Skoda celebrates 100 years since transforming to a Joint Stock Company
Altogether 12,500 worth 200 crowns each constituted the registered capital of Laurin & Klement in 1907, when the Mladá Boleslav-based car manufacturer, the predecessor to the Czech Republic's largest car manufacturer Skoda Auto, was transformed to a joint stock company. This year Skoda Auto is celebrating a hundred years since registering the business at the Imperial and Royal Commercial Court in Prague on 16 October 1907.The constituent general meeting was held in early May of 1907. In mid-June the car manufacturer decided to register its business in the Commercial Register under the name of Laurin & Klement, akciová spole?nost, továrna automobil? v Mladé Boleslavi (Laurin & Klement, Joint-Stock Company, Automobile Factory in Mladá Boleslav).
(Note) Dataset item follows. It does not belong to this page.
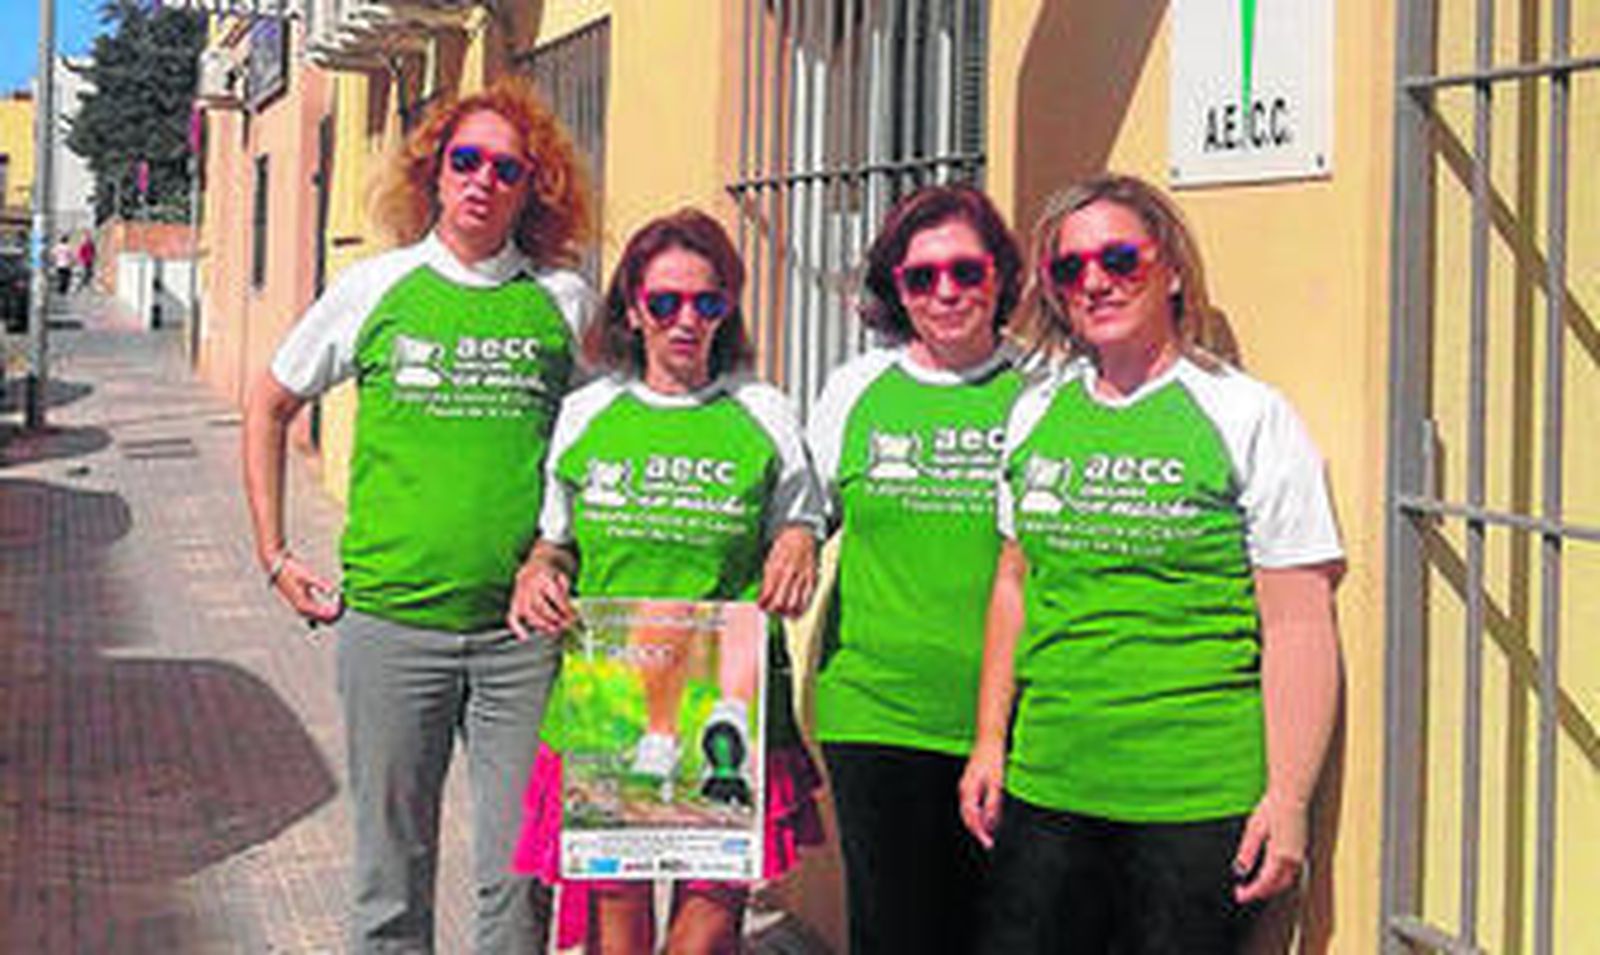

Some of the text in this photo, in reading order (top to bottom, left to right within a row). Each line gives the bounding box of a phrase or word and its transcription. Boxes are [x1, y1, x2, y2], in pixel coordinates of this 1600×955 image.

[456, 336, 541, 360] aecc
[646, 455, 737, 484] aecc
[1083, 455, 1185, 484] aecc
The Board of Directors was made up of prominent noblemen and entrepreneurs of the Austro-Hungarian monarchy. The Company appointed Prince Erich of Thurn and Taxis as President and Count Jan Ceschi as his deputy, Václav Klement became the Central Director, Václav Laurin was appointed as the Technical Director. CZK 200 per share was the nominal value, the Laurin & Klement share exchange rate was 225 crowns.
The reason for the transformation in 1907 was that the company needed additional capital to extend its manufacturing operations. Later in the aftermath of World War I, the owners decided to look for a strategic partner - the economic depression of the early nineteen-twenties and a massive fire in 1924 led to a merger with the Pilsen-based Skoda machine works.
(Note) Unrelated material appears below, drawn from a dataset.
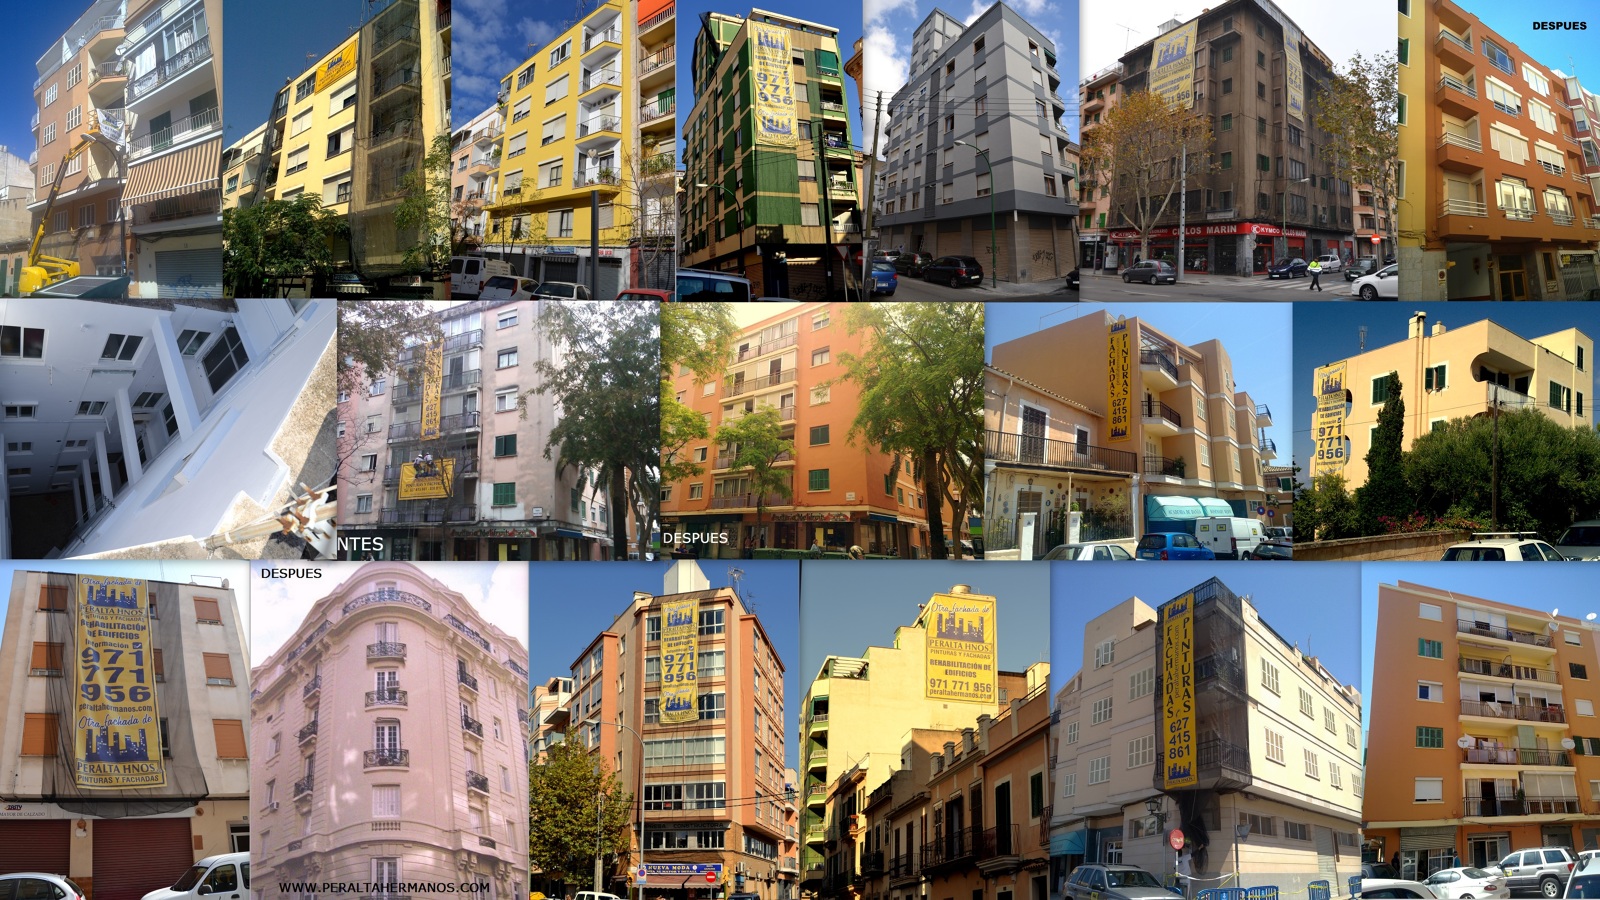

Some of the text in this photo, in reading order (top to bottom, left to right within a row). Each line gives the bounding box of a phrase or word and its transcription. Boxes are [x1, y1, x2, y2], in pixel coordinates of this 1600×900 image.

In 1945 the company was nationalised. In the early nineteen-nineties, shortly after the fall of the communist regime in former Czechoslovakia, Skoda needed capital to extend its production portfolio again and, just like a few decades earlier, was looking for a strong partner. In 1991 the Company eventually found one – the Volkswagen Group. In the year 2000, the Volkswagen Group became the sole owner of Skoda Auto Company.